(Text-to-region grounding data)
——————————

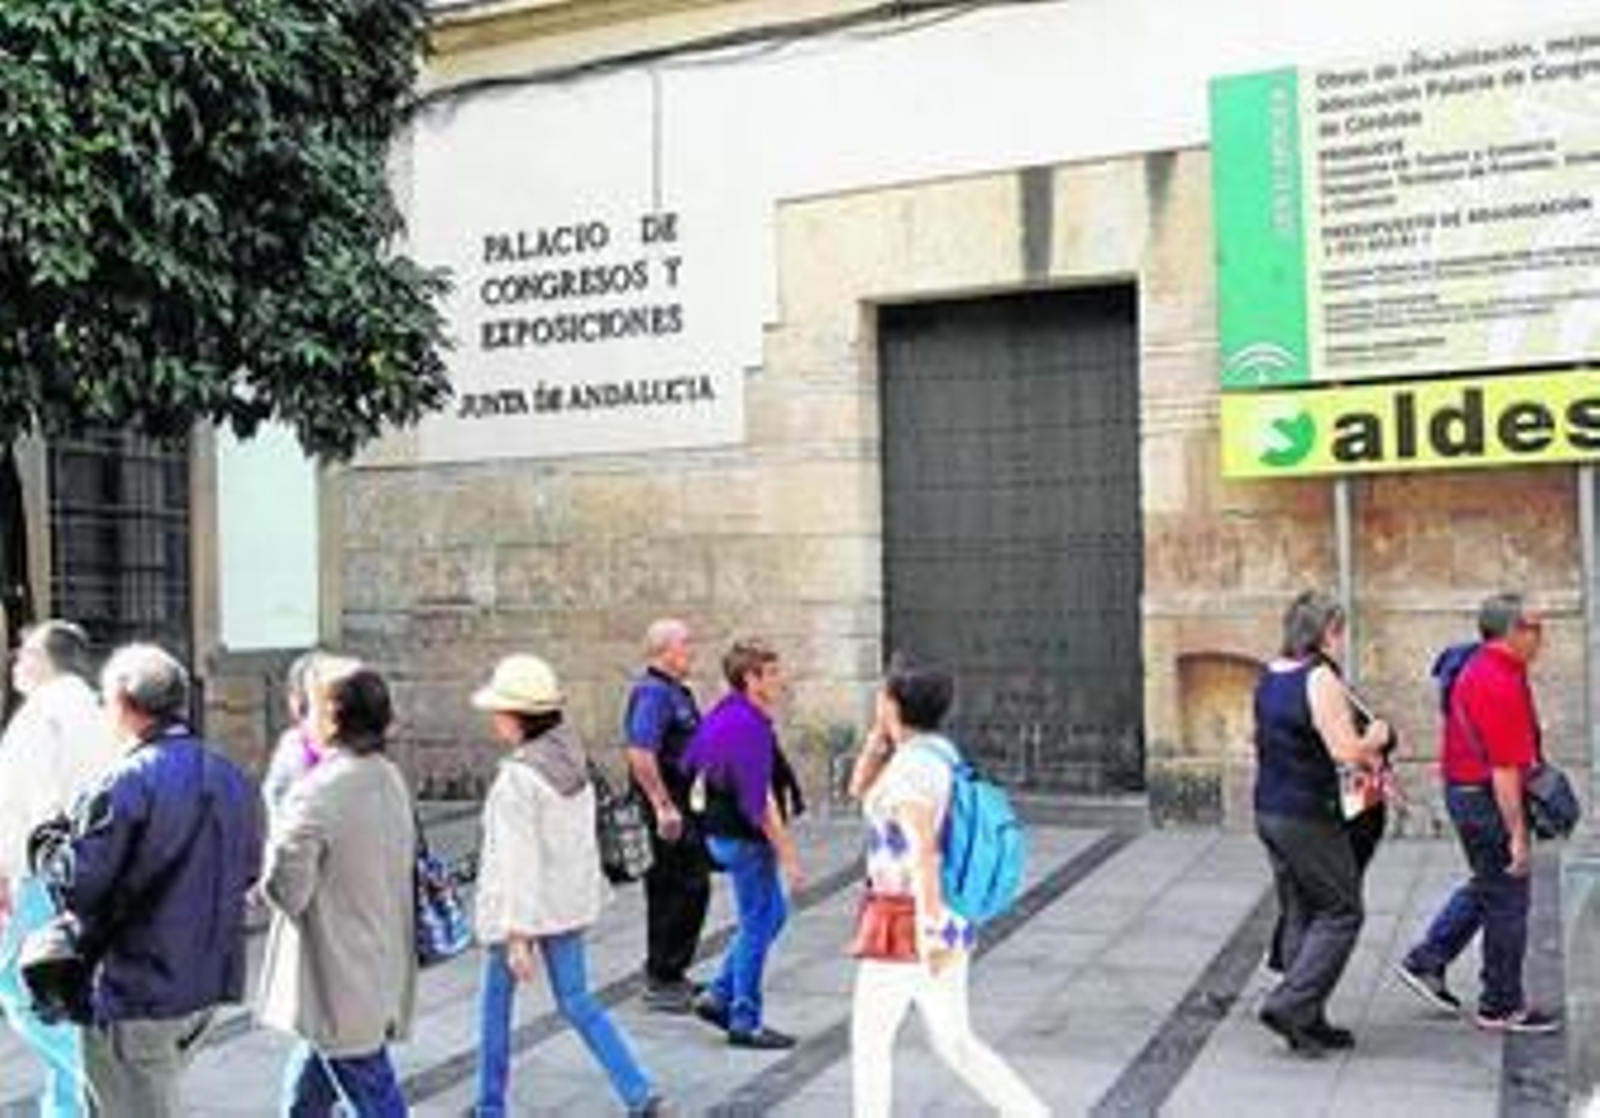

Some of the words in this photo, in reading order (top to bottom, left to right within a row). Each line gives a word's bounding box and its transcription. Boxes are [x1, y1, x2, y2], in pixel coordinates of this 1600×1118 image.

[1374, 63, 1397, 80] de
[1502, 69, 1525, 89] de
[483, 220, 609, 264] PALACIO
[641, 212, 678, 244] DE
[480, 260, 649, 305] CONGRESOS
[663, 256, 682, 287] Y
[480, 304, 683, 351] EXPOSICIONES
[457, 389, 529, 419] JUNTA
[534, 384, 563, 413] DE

——————————

- WHAT TO DO
The records need to be restated word for word, minus any images.

- ANSWER TO THIS TASK
Some of the words in this photo, in reading order (top to bottom, left to right within a row). Each line gives a word's bounding box and its transcription. Boxes are [x1, y1, x2, y2], in pixel coordinates of this 1600×1118 image.

[1374, 63, 1397, 80] de
[1502, 69, 1525, 89] de
[483, 220, 609, 264] PALACIO
[641, 212, 678, 244] DE
[480, 260, 649, 305] CONGRESOS
[663, 256, 682, 287] Y
[480, 304, 683, 351] EXPOSICIONES
[457, 389, 529, 419] JUNTA
[534, 384, 563, 413] DE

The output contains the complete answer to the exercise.